* [Your goal] When you output the records, match them exactly and omit any picture they include.
*** Data records ***
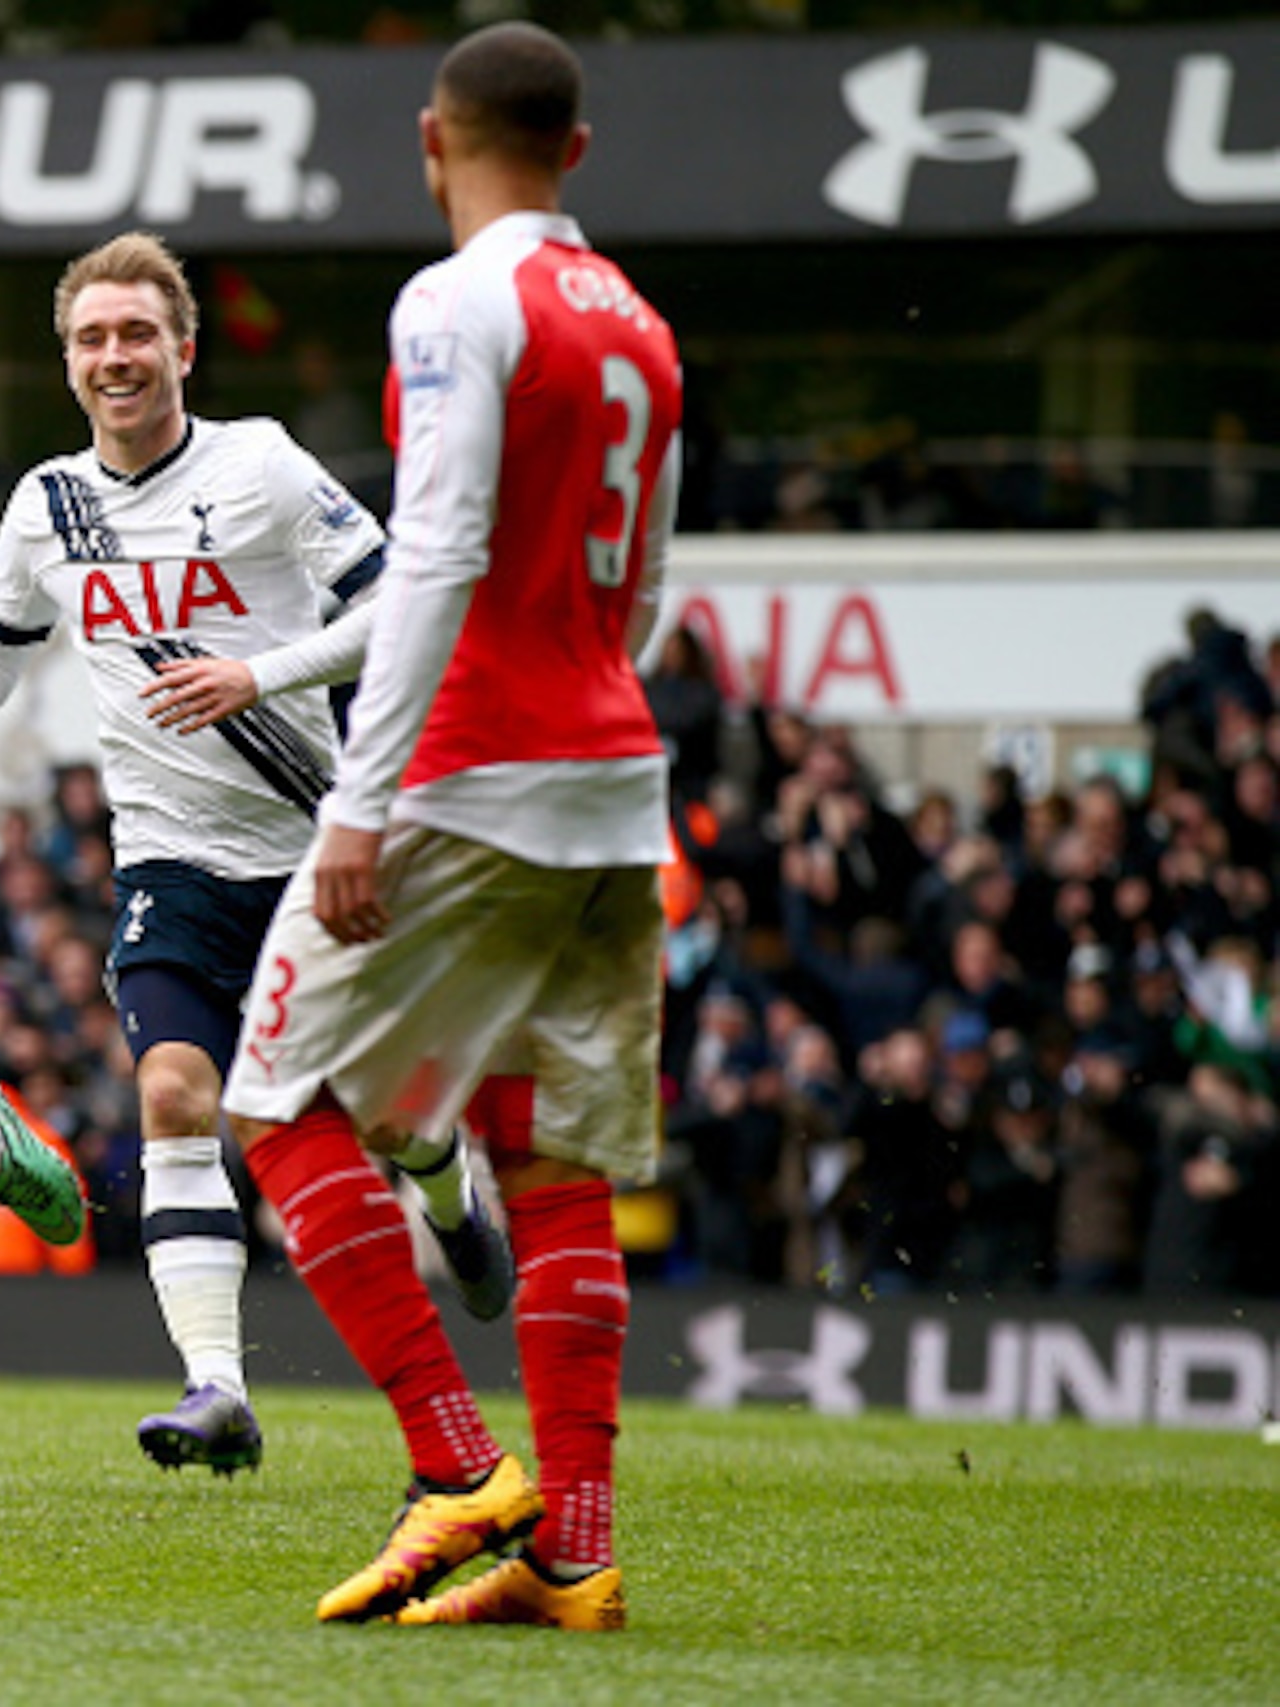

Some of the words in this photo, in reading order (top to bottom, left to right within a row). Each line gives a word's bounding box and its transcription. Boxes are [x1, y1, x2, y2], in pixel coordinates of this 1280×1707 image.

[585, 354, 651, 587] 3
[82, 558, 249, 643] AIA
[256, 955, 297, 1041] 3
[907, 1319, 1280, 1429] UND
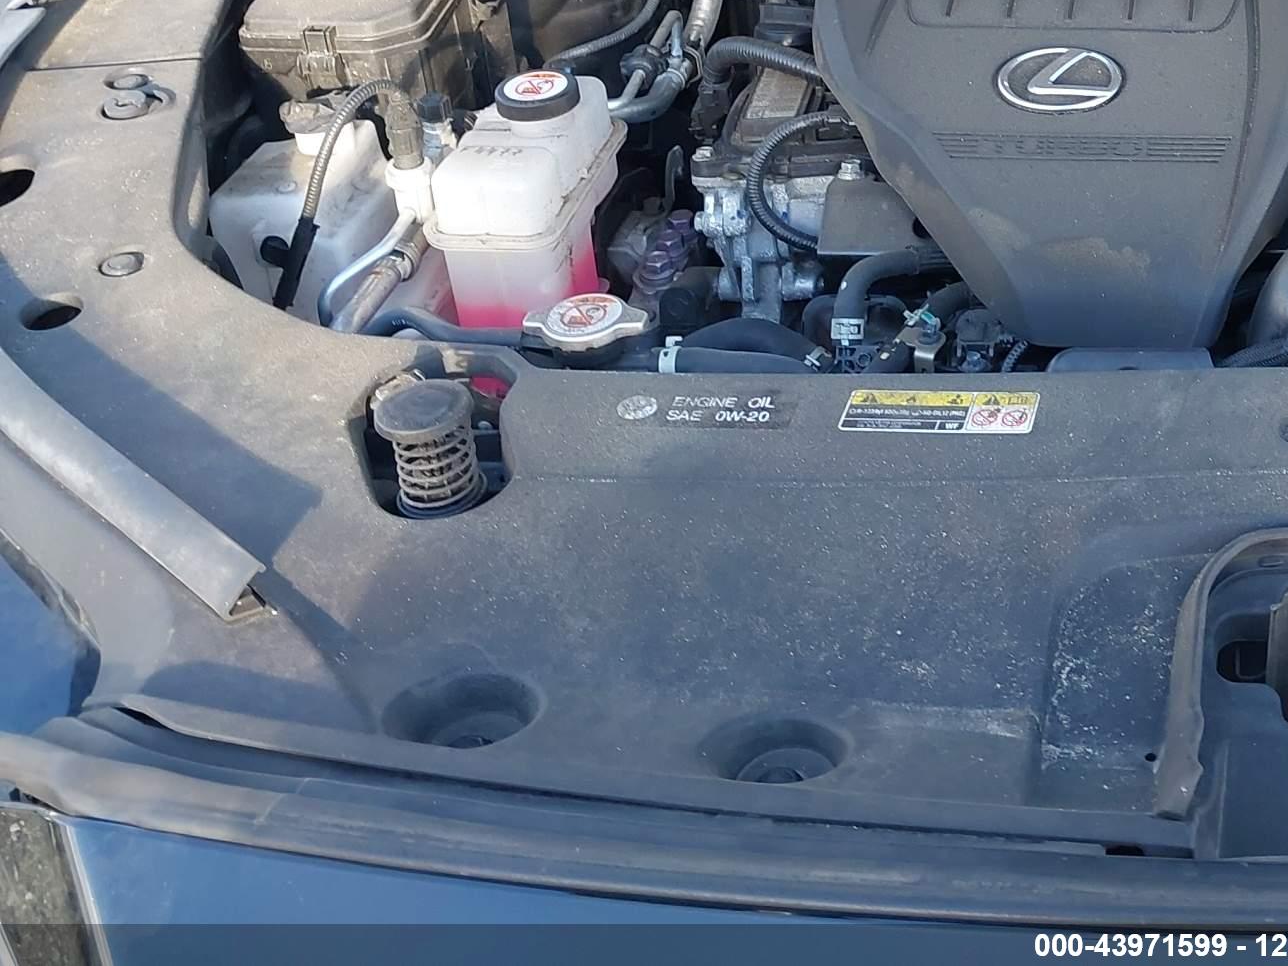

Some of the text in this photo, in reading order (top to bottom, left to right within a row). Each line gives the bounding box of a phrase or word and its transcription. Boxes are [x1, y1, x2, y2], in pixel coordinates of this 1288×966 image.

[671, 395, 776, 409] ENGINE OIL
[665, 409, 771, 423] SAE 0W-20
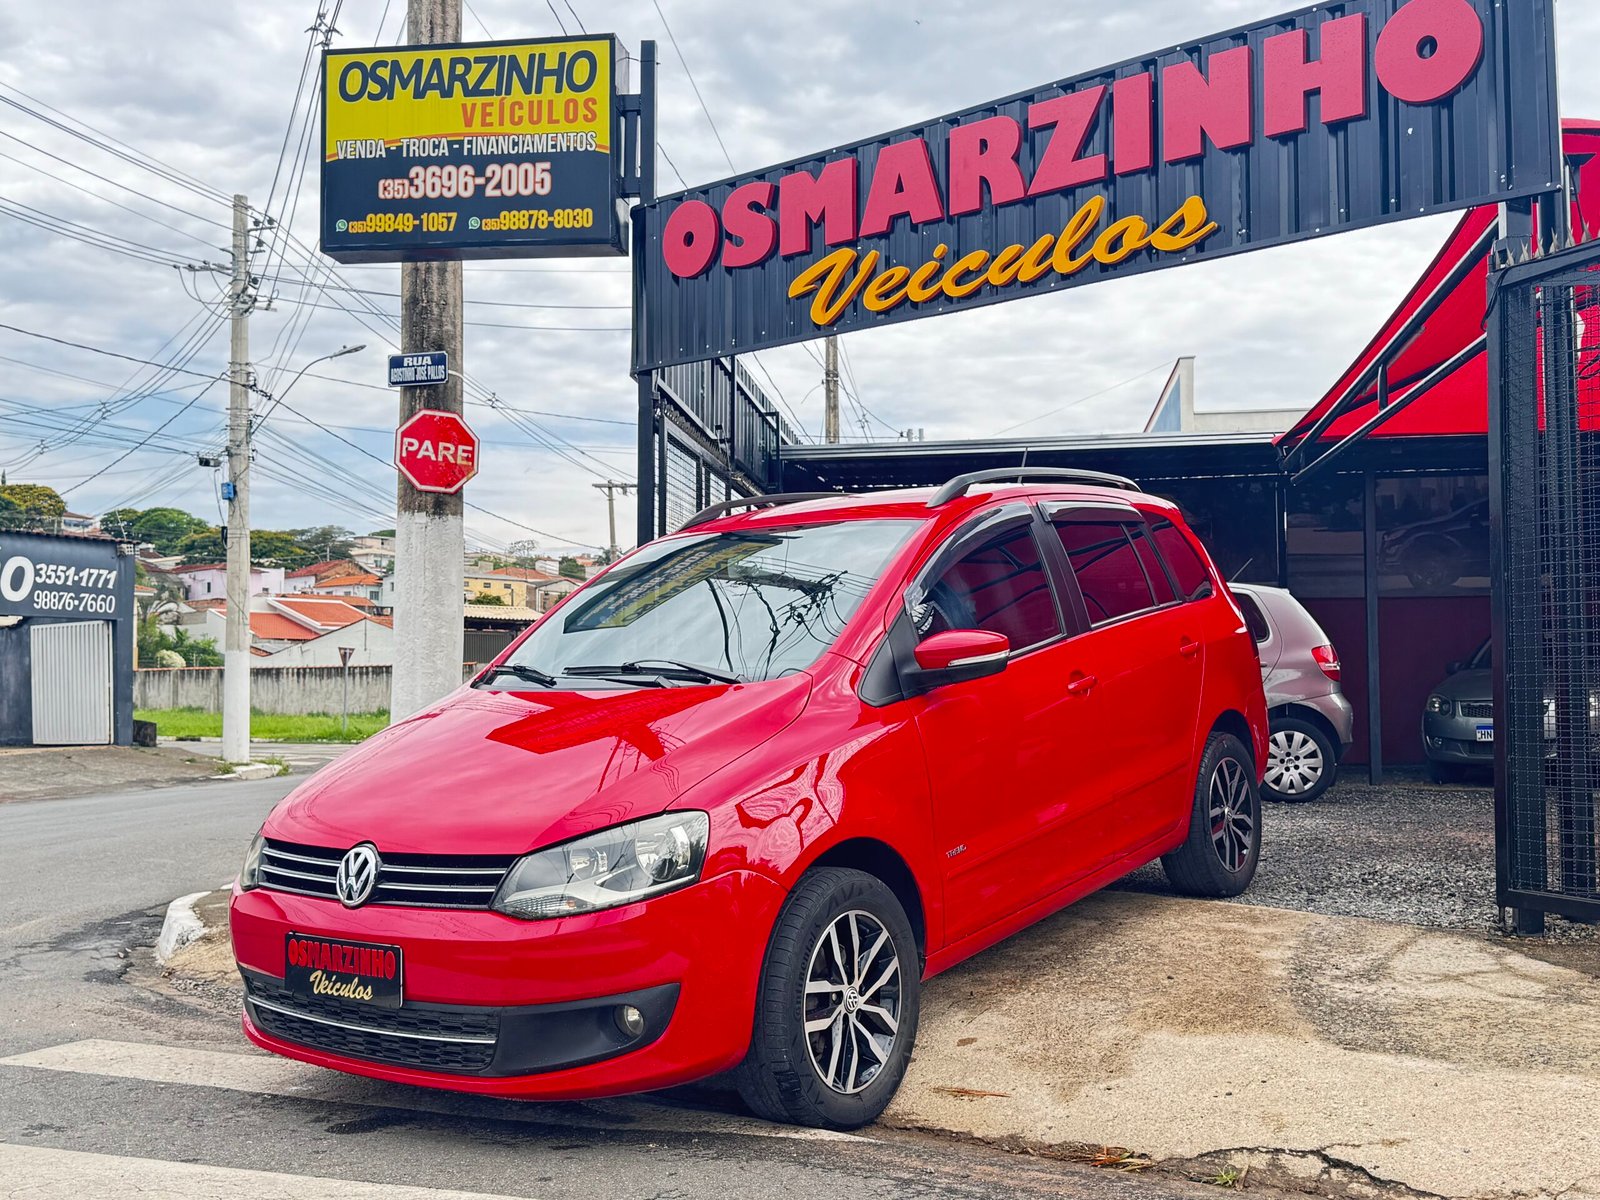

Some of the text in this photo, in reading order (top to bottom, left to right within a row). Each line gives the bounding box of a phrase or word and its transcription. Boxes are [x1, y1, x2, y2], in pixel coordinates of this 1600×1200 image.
*** End of Data records ***
* [Solved exercise]
Some of the words in this photo, in reading order (top to bottom, left to right within a row). Each line gives a word's bounding box and its transcription. Boxes are [x1, y1, x2, y2], in pixel coordinates of this 1280×1707 image.

[585, 354, 651, 587] 3
[82, 558, 249, 643] AIA
[256, 955, 297, 1041] 3
[907, 1319, 1280, 1429] UND

Some of the text in this photo, in reading order (top to bottom, left to right within a row). Each line gives the bounding box of a phrase or word and its transcription. Boxes are [x1, y1, x2, y2], in pixel coordinates of this 1288×966 image.

[671, 395, 776, 409] ENGINE OIL
[665, 409, 771, 423] SAE 0W-20

Some of the text in this photo, in reading order (top to bottom, left to right within a row). Each line gives the bounding box of a phrase or word and its transcription. Boxes are [x1, y1, x2, y2], in pixel coordinates of this 1600×1200 image.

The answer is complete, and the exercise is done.